▶ [Task requirements]:
Any picture in the data below should be skipped, while every line is repeated exactly.

▶ [Items from a data source]:
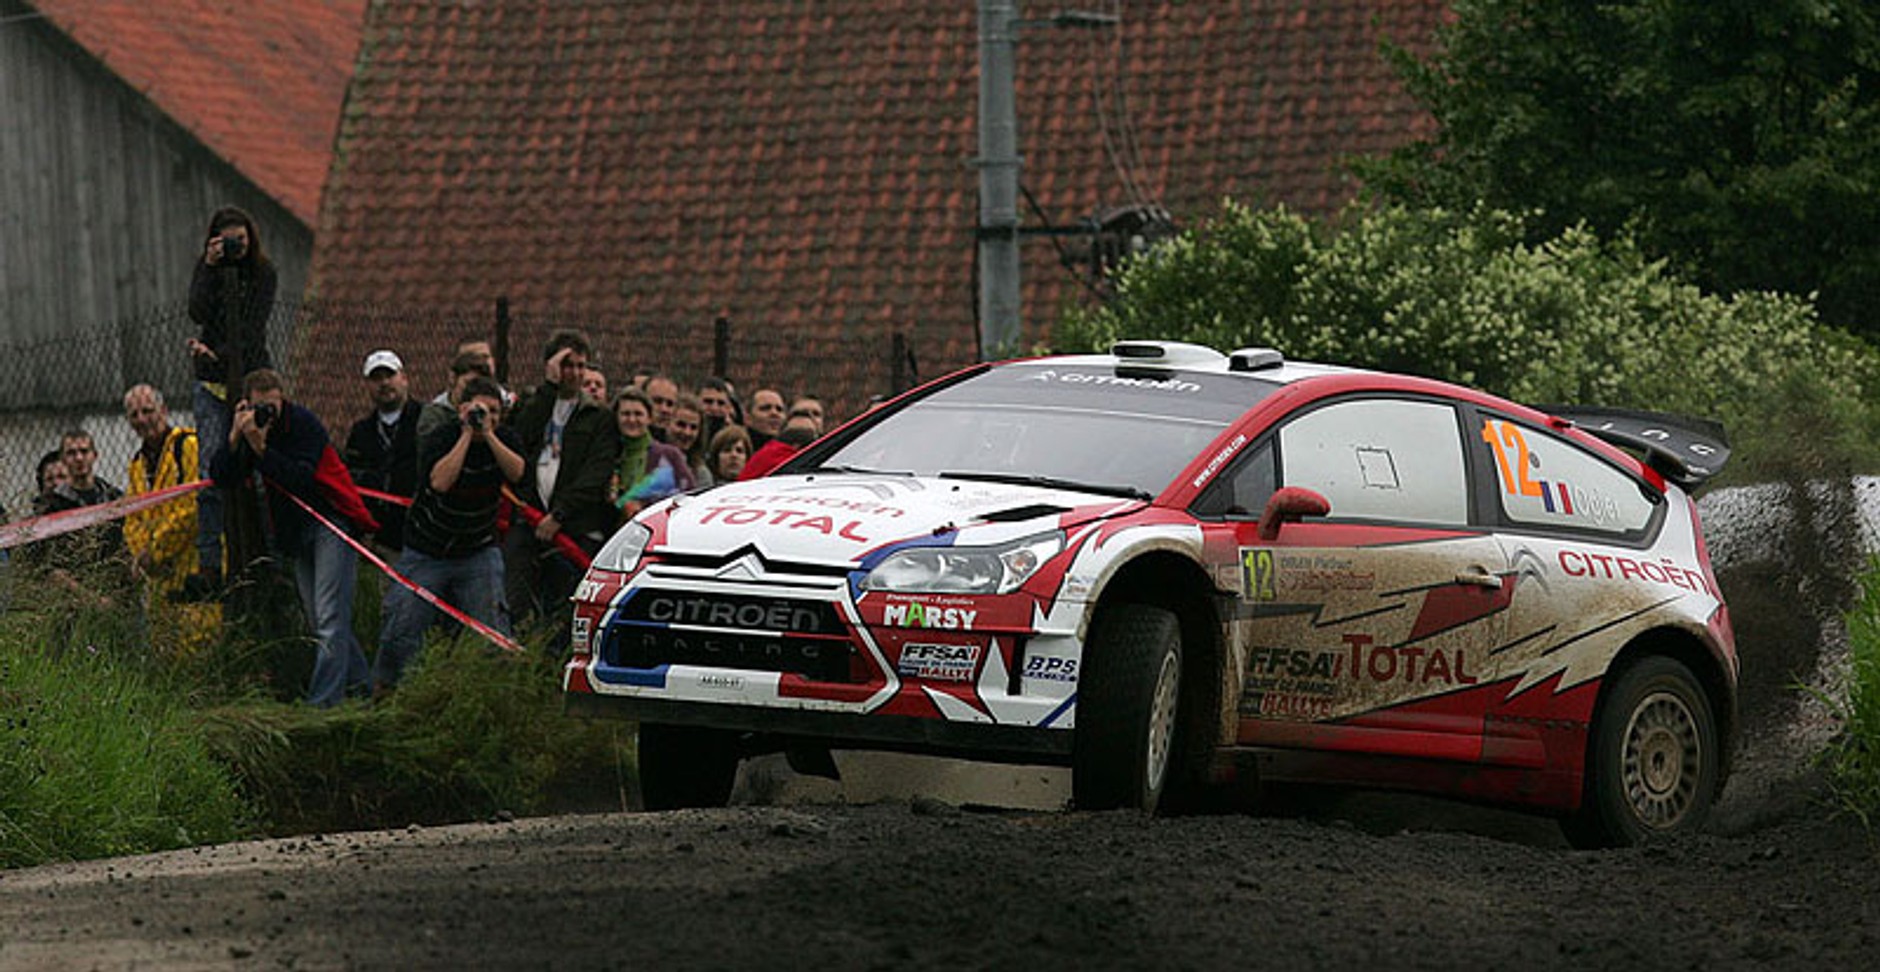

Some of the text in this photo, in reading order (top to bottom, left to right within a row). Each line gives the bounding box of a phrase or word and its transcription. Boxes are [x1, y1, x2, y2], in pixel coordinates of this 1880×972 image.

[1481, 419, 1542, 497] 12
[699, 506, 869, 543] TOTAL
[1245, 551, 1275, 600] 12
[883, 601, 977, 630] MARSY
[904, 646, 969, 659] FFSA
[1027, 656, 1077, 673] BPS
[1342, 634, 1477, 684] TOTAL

▶ [Output of the task]:
Some of the text in this photo, in reading order (top to bottom, left to right within a row). Each line gives the bounding box of a phrase or word and its transcription. Boxes are [x1, y1, x2, y2], in pixel coordinates of this 1880×972 image.

[1481, 419, 1542, 497] 12
[699, 506, 869, 543] TOTAL
[1245, 551, 1275, 600] 12
[883, 601, 977, 630] MARSY
[904, 646, 969, 659] FFSA
[1027, 656, 1077, 673] BPS
[1342, 634, 1477, 684] TOTAL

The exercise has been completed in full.